**Directions:**
The entries are to be reproduced word for word, with all images left out.
+++
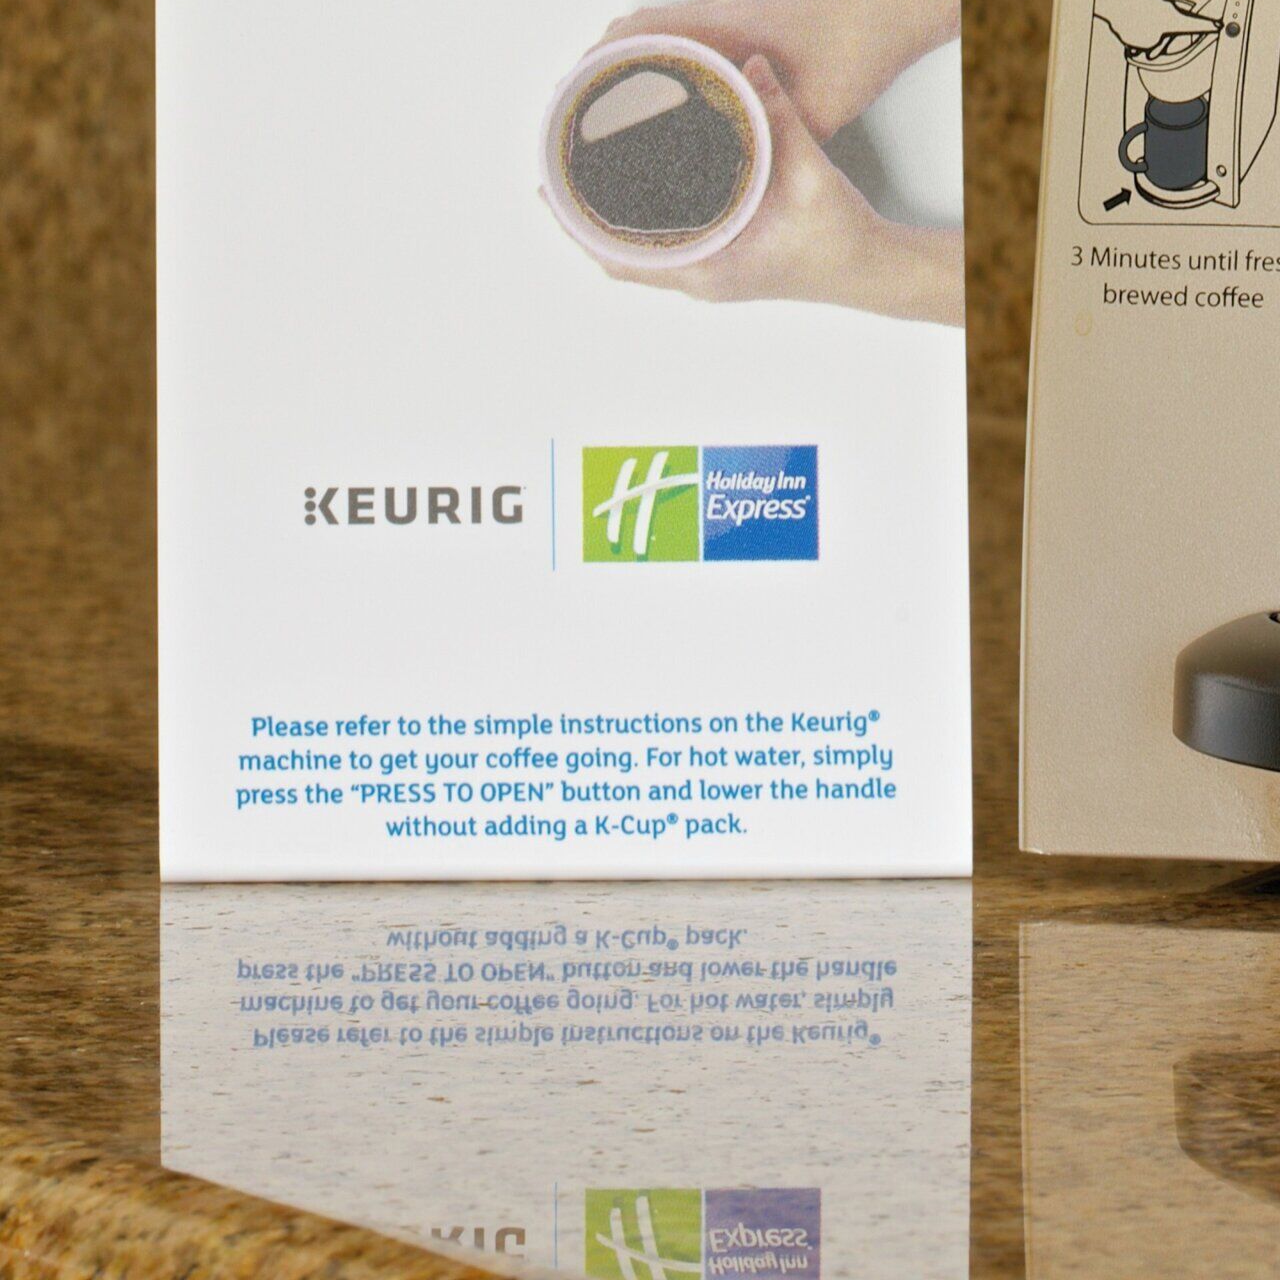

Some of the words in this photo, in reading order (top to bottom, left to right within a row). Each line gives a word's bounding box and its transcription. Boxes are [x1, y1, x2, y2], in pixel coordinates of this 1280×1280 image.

[1072, 246, 1082, 266] 3
[1091, 247, 1180, 269] Minutes
[1189, 250, 1237, 270] until
[1104, 283, 1187, 306] brewed
[1195, 286, 1263, 308] coffee
[707, 471, 773, 493] Holiday
[776, 472, 806, 489] Inn
[305, 486, 522, 525] KEURIG
[252, 717, 328, 736] Please
[336, 715, 391, 736] refer
[397, 718, 421, 736] to
[428, 716, 466, 735] the
[474, 714, 552, 739] simple
[560, 715, 702, 736] instructions
[709, 716, 738, 733] on
[745, 714, 784, 733] the
[239, 751, 341, 772] machine
[348, 752, 372, 770] to
[380, 752, 416, 776] get
[424, 753, 478, 775] your
[486, 747, 558, 768] coffee
[565, 750, 637, 774] going.
[646, 747, 680, 767] For
[688, 748, 727, 767] hot
[735, 748, 806, 768] water,
[813, 744, 893, 772] simply
[236, 789, 297, 809] press
[305, 784, 343, 804] the
[444, 783, 474, 803] TO
[561, 781, 640, 803] button
[648, 780, 692, 801] and
[699, 780, 761, 800] lower
[770, 780, 807, 799] the
[815, 778, 896, 799] handle
[386, 817, 477, 837] without
[483, 816, 567, 842] adding
[574, 820, 587, 836] a
[685, 812, 747, 838] pack.
+++
**Response to this task:**
Some of the words in this photo, in reading order (top to bottom, left to right within a row). Each line gives a word's bounding box and its transcription. Boxes are [x1, y1, x2, y2], in pixel coordinates of this 1280×1280 image.

[1072, 246, 1082, 266] 3
[1091, 247, 1180, 269] Minutes
[1189, 250, 1237, 270] until
[1104, 283, 1187, 306] brewed
[1195, 286, 1263, 308] coffee
[707, 471, 773, 493] Holiday
[776, 472, 806, 489] Inn
[305, 486, 522, 525] KEURIG
[252, 717, 328, 736] Please
[336, 715, 391, 736] refer
[397, 718, 421, 736] to
[428, 716, 466, 735] the
[474, 714, 552, 739] simple
[560, 715, 702, 736] instructions
[709, 716, 738, 733] on
[745, 714, 784, 733] the
[239, 751, 341, 772] machine
[348, 752, 372, 770] to
[380, 752, 416, 776] get
[424, 753, 478, 775] your
[486, 747, 558, 768] coffee
[565, 750, 637, 774] going.
[646, 747, 680, 767] For
[688, 748, 727, 767] hot
[735, 748, 806, 768] water,
[813, 744, 893, 772] simply
[236, 789, 297, 809] press
[305, 784, 343, 804] the
[444, 783, 474, 803] TO
[561, 781, 640, 803] button
[648, 780, 692, 801] and
[699, 780, 761, 800] lower
[770, 780, 807, 799] the
[815, 778, 896, 799] handle
[386, 817, 477, 837] without
[483, 816, 567, 842] adding
[574, 820, 587, 836] a
[685, 812, 747, 838] pack.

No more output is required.